Ode to Plain Food: How Cooking for My Son Brought Back My Love of Simple Meals
There’s joy and comfort in a plain bowl of buttered noodles.
In the late 1980’s, shortly after my ninth birthday, my family was transplanted from Winnipeg, Manitoba to Dallas, Texas. The culture shock that followed ranged from learning about heat stroke and big hair to the spicy-cheesy world of Tex-Mex cooking. Salsa, hot sauce, tortillas and refried beans started making their ways into our pantry, and some of our old, gently flavored casserole recipes either got kicked to the curb or kicked up in flavor. I was hooked on big flavors, and adding a little spice or hot sauce or pickled whatever to my meals soon became the norm.
When I had my son and he started eating solid food, I was determined to introduce him to all the flavors I loved, and it went okay for a little while. He would ask for a bite of my bowl of lentil soup or gingery rice noodle salad, and end up devouring the whole thing. I felt smug and proud. And then, sometime between his third and fourth birthdays, it all came to a halt. Suddenly, everything was “too": too spicy, too sour – and everyone’s favorite – too yucky. He just wanted everything plain. Since I had neither the time nor the inclination to start making separate dinners or appear weak in the ever-present parent-child power stand-off, I realized I had to find middle ground. I started cooking meals that would be plain enough for him but still satisfy the rest of the household. I figured I could always spice up my own plate if things got too bland.
I started with some straightforward classics: roast chicken, meatballs and pancakes. I dialed back my roast chicken spice rubs to just salt and pepper, and focused on crispy skin and juicy meat. I lightly flavored meatballs with grated onion or a pinch of dried oregano, and baked them until browned and savory. I let the subtle tang of buttermilk shine in fluffy pancakes kissed with a pat of melted butter and a drizzle of maple syrup. Then there were all the versions of pasta with butter and cheese and creamy omelets. I backed off the rich, charred flavor of roasted vegetables, and discovered my son did like some vegetables. But, you guessed it: he just wanted plain versions of them.
As I cooked more and more of these pared down meals, I slowly stopped adding a sauce or spicy finish to my own plate. Nothing was overly garlicky, vinegary, spicy or herby — but it also wasn’t bland. I savored the pure flavors on my plate: the greenness of broccoli, the crackle of salted chicken skin and the silkiness of a tender meatball. My taste buds started to wake up again with fewer flavors to seek out. My meals were simple, satisfying and easier to pull together with fewer ingredients to chop or components to make. And when a trip to the grocery store just didn’t happen, putting a dinner together from the pantry and fridge became much easier.
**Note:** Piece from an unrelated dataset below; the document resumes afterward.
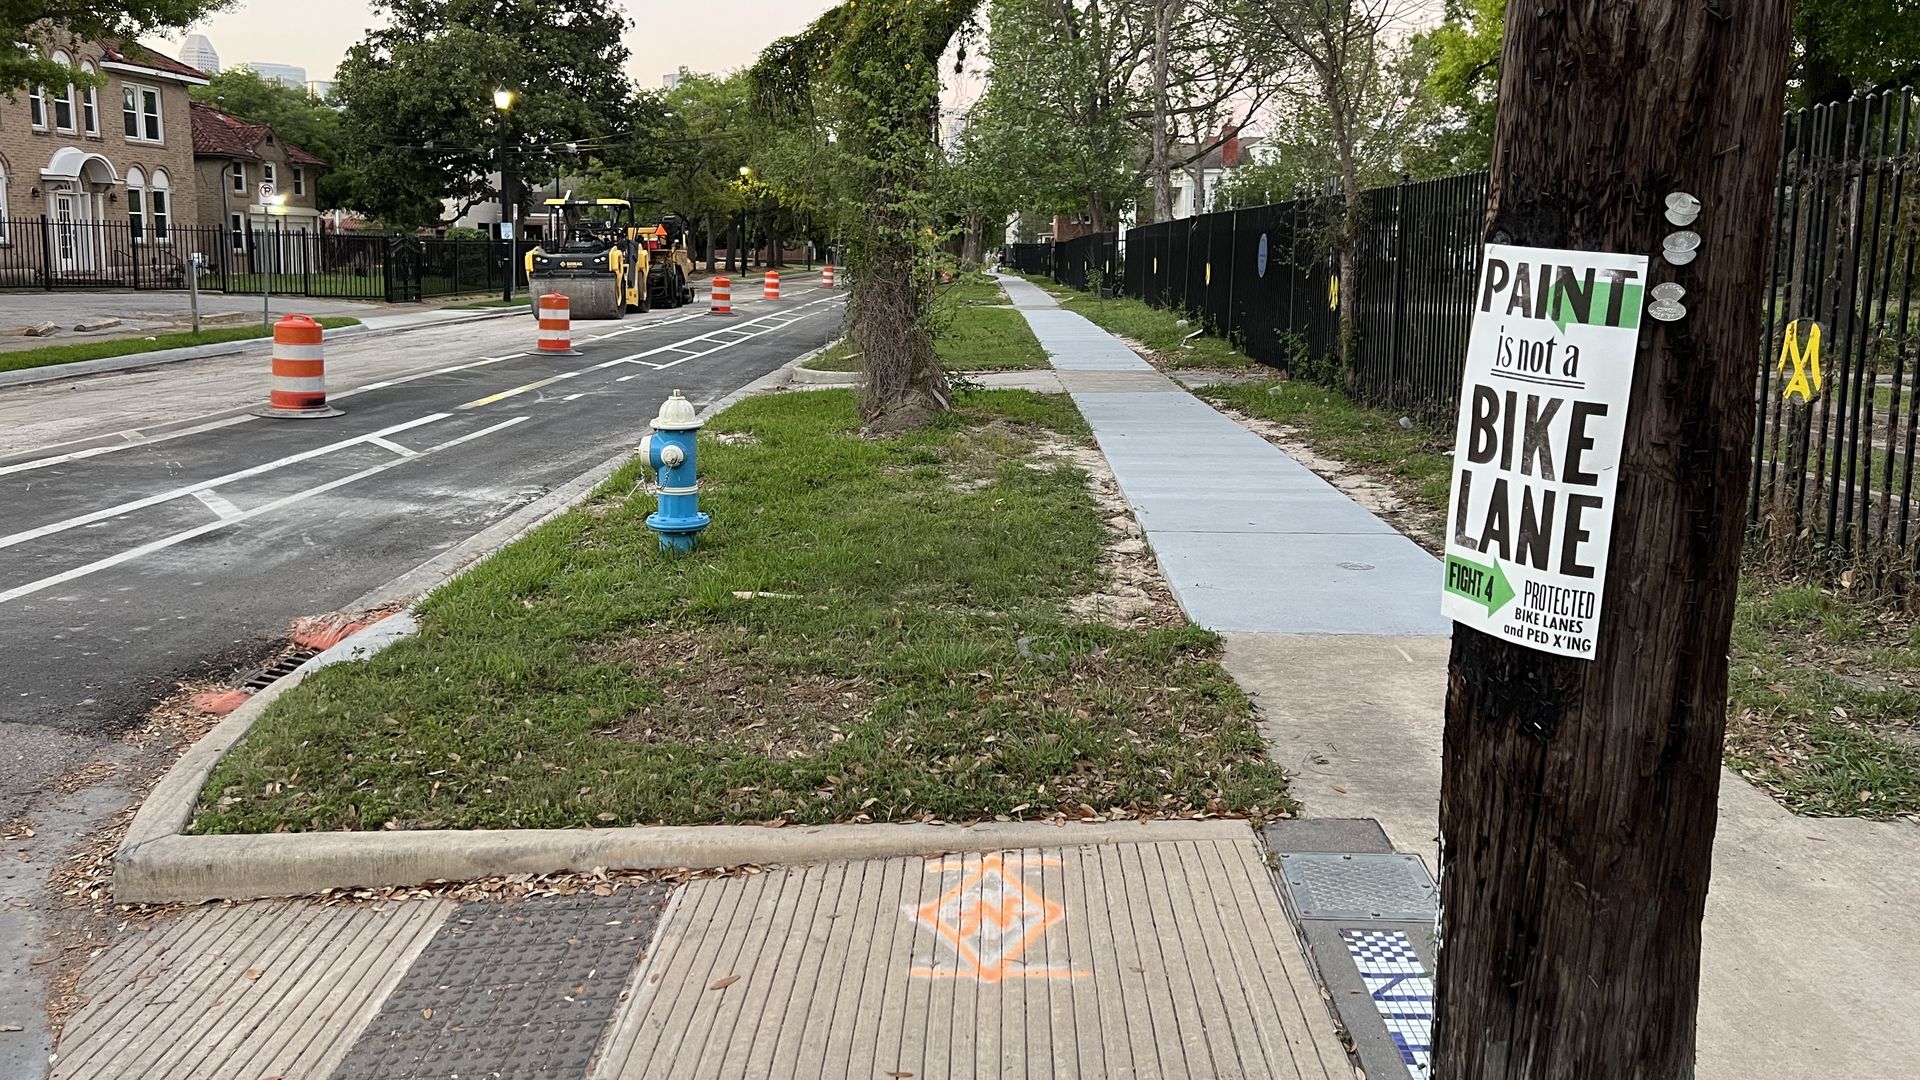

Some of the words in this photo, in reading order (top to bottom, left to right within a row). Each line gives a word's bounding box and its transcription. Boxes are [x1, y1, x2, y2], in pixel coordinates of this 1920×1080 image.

As time marches on and our meals continue to evolve, I’ve been exploring some of those old casseroles from my youth, thinking that the gentle flavors they boast are wonderful in their own right. When my son will now agree to try a bite of something new every now and again, we find a new winner for our household. But, for the most part, I’m sticking with a simpler way of cooking. It’s not giving in or catering to my son. It’s just good food. Plain and simple. In a world of chaos, simplicity can be a refuge. There can be joy and comfort even in a bowl of buttered noodles.